The elephants are making use of Pafuri as their winter-feeding ground and many breeding herds visit us; mostly along the Luvuvhu River and around Pafuri Camp. There have also been many sightings of large numbers of bull elephants. It has been very special watching older males and their mentoring relationship with younger bulls..
Lions have been calling around the camp and it is lovely to hear them roar while safely inside the trails camp tents. While we haven’t had many sightings of the lions this month, but we have seen their tracks around Baobab Hill Bush House and the Pafuri Walking Trails camp areas.
July has been a great month for leopard sightings! I had an awesome sighting of a massive male on Sandpad and Pafuri main the other night. He walked right in the middle of the road and was not phased by our presence at all as he stopped every so often to mark his territory. At one point he stopped to sniff some dry elephant urine and then proceeded to roll around in the spot for ages. It was truly an unbelievable sighting! We also saw a young female leopard feeding on a kill on the Koppie behind baobab hill house; it was later stolen by a hyena. Mating leopards were seen near the fever tree forest and leopards have also been spotted around Pafuri camp as well as the trails camp.
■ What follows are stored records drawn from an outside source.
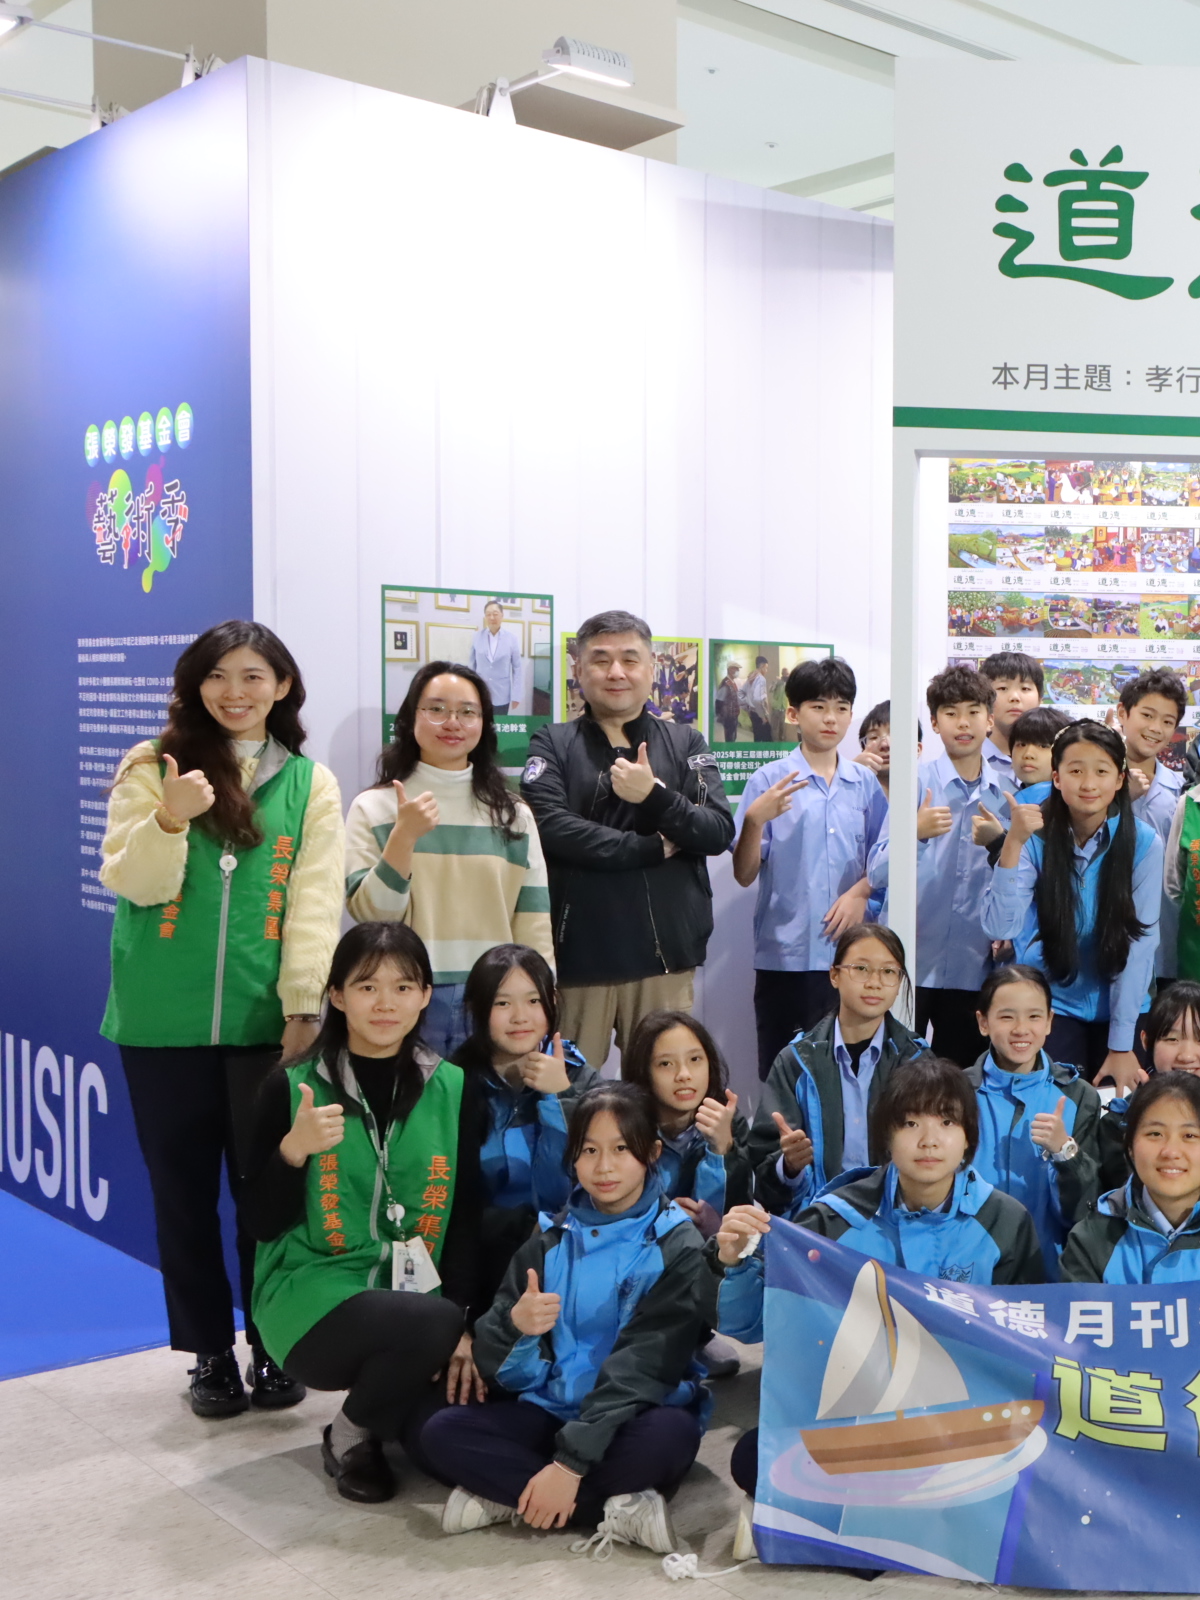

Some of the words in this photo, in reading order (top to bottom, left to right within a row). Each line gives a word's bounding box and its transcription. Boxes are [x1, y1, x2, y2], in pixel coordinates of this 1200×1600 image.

[86, 410, 191, 460] 張榮發基金會
[264, 835, 295, 940] 長榮集團
[0, 1030, 109, 1222] USIC
[319, 1154, 348, 1256] 張榮發基金
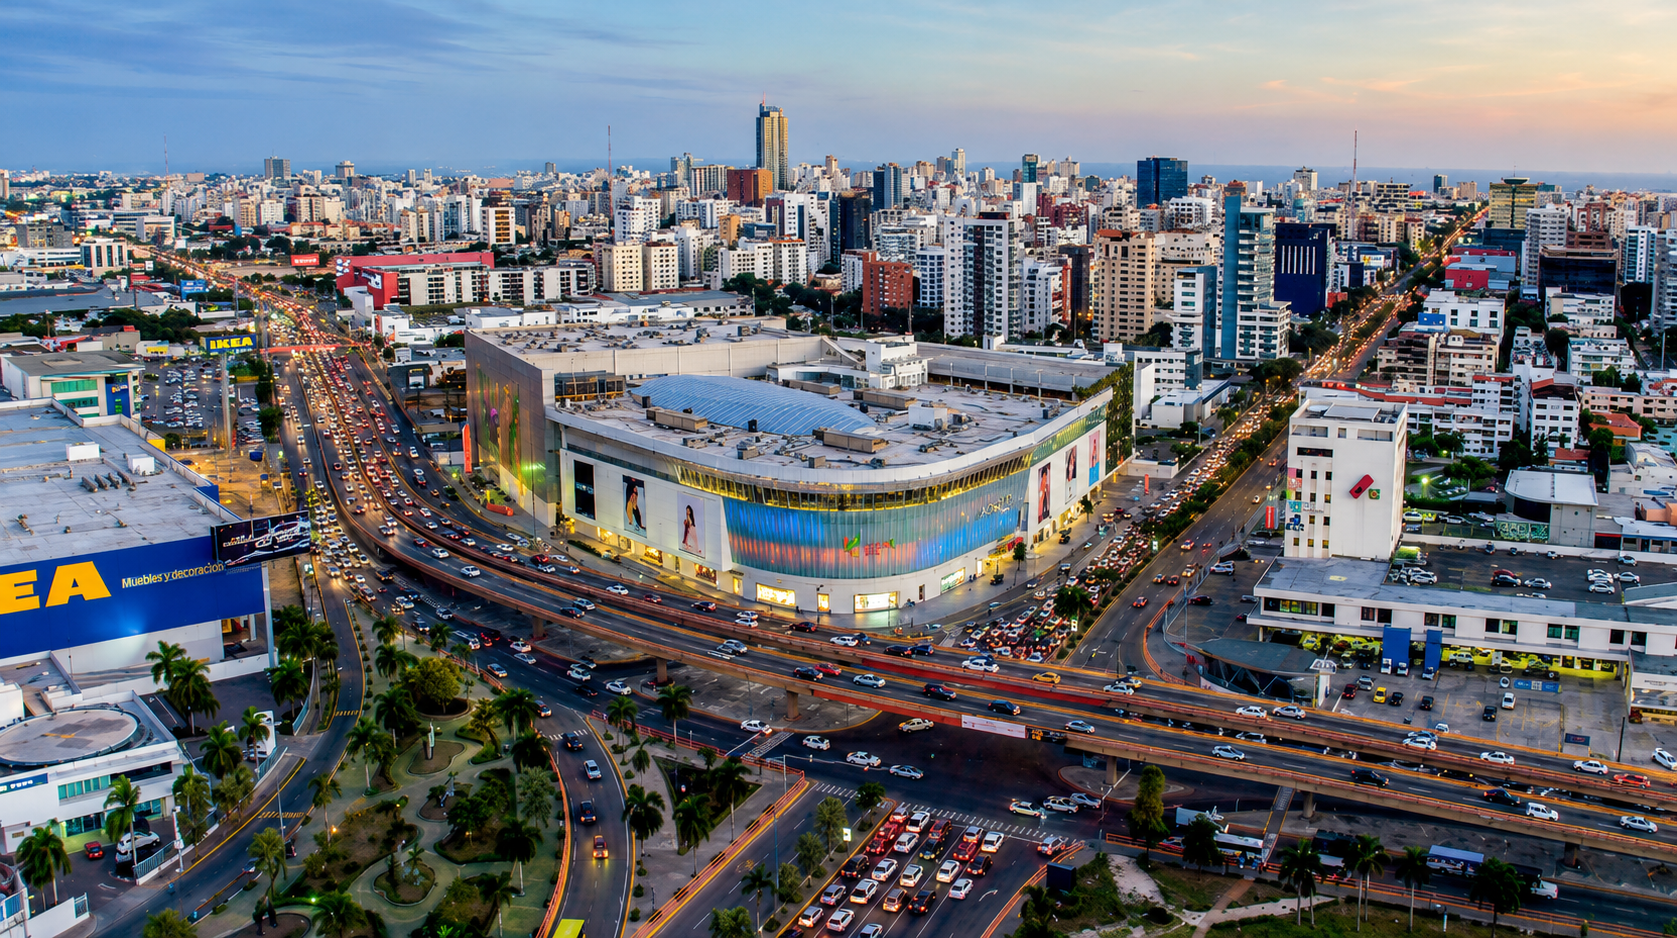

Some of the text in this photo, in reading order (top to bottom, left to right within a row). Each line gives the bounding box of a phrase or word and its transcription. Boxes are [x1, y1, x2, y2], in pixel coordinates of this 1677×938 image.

“Guides June 2017 Sightings Report…”
Buffalo have been seen in large numbers and are in good condition, healthy and thriving in Pafuri. There are also many “dagga boys” that have been hanging around both trails camps. Whilst having dinner one night, there was a male buffalo munching on grass only 10 metres away from our dinner table! We also had a buffalo bull in Hutwini trails camp this week feeding between the tents while we were having breakfast. He was so close to the showers that our guests chose to skip the afternoon shower and instead waited for a starlit shower.
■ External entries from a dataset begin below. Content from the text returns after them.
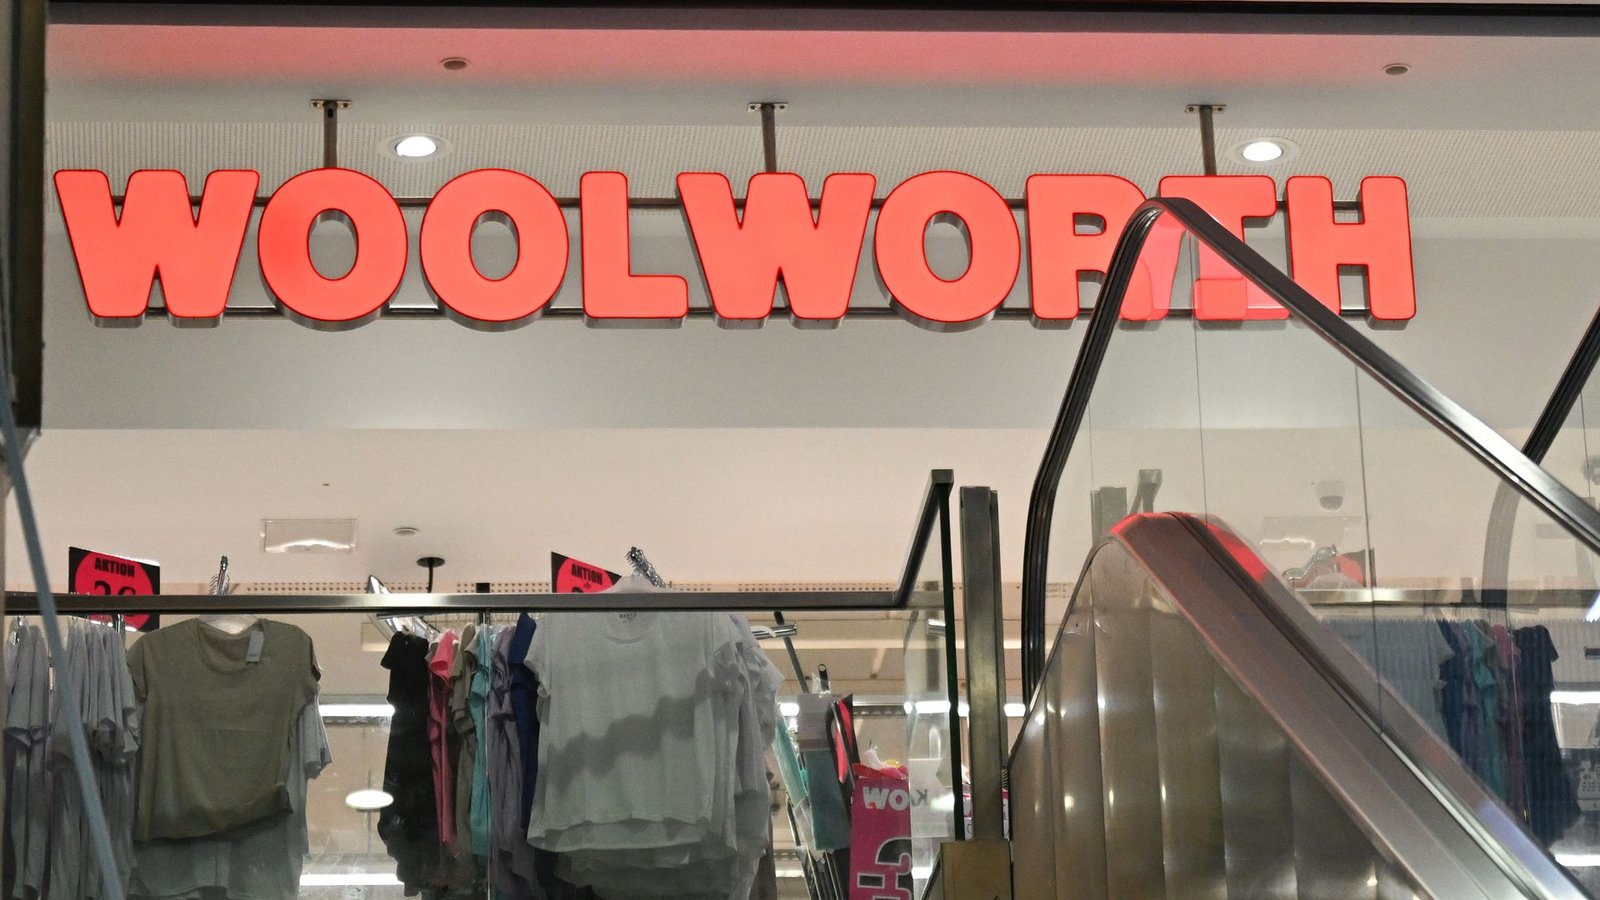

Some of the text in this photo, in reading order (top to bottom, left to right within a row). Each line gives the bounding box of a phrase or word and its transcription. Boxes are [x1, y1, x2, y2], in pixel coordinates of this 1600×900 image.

[54, 168, 1417, 325] WOOLWORTH
[94, 557, 135, 578] AKTION
[571, 563, 603, 585] AKTION
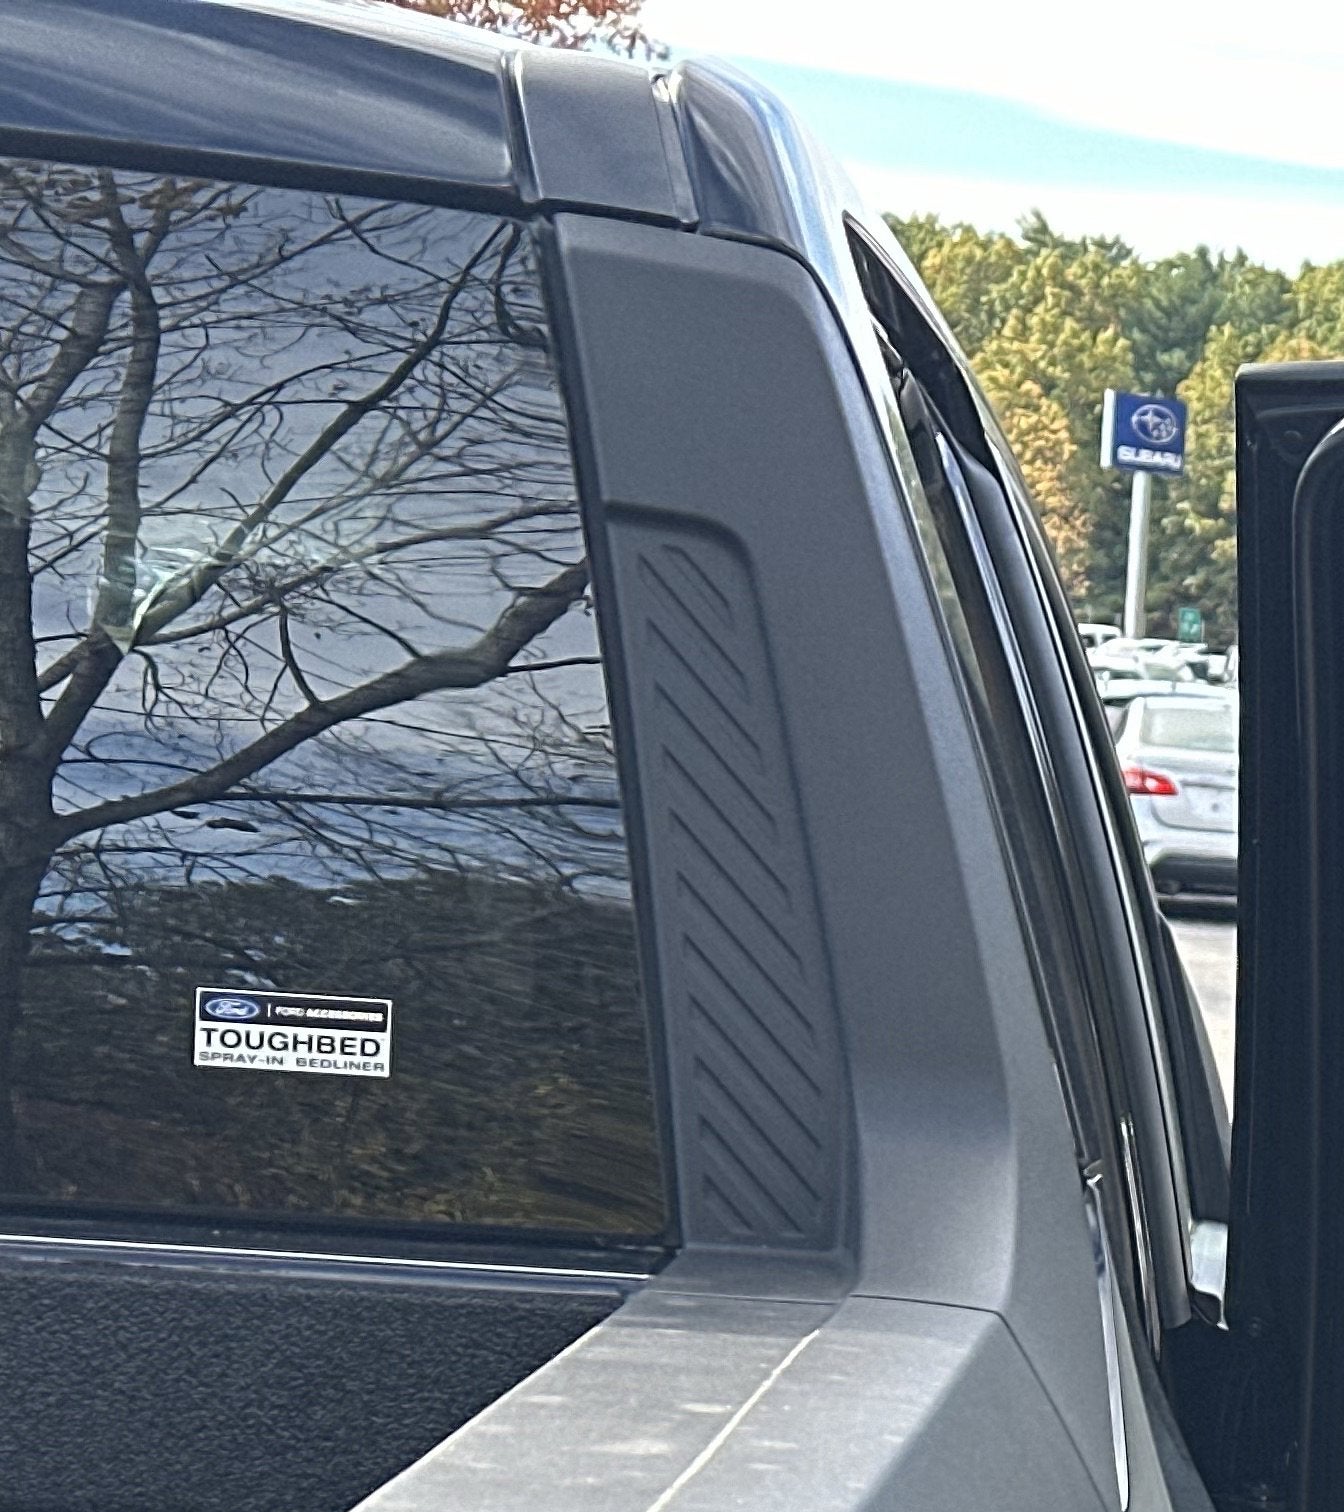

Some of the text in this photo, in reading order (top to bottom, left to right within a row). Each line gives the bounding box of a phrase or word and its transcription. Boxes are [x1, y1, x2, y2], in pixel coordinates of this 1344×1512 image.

[200, 1027, 381, 1057] TOUGHBED
[199, 1051, 385, 1073] SPRAY-IN BEDLINER
There have been many sightings of Eland herds in the Makuleke Concession. The herd with the leucistic* female, always a special sight, is still being seen around the fever tree forest area. One of my best sightings in Pafuri is Eland in the fever tree forest; it is a super magical.
The smaller pans are starting to dry up now, but many of the bigger pans such as Nwambi and Hlangaluwe are still incredibly full and should hold water for most of the dry season. There are still 14 hippo in Nwambi pan!
July is a fantastic month for trails. The bush is starting to thin out a bit more and a few flowers are starting to blossom on trees. Walks to the pans have been awesome with all the pans still containing water and attracting the larger mammals. Reedbuck vlei is still a birders’ paradise this July.
* Leucism is a condition in which there is partial loss of pigmentation in an animal resulting in white, pale, or patchy coloration of the skin, hair, feathers, scales or cuticle, but not the eyes. Unlike albinism, it is caused by a reduction in multiple types of pigment, not just melanin.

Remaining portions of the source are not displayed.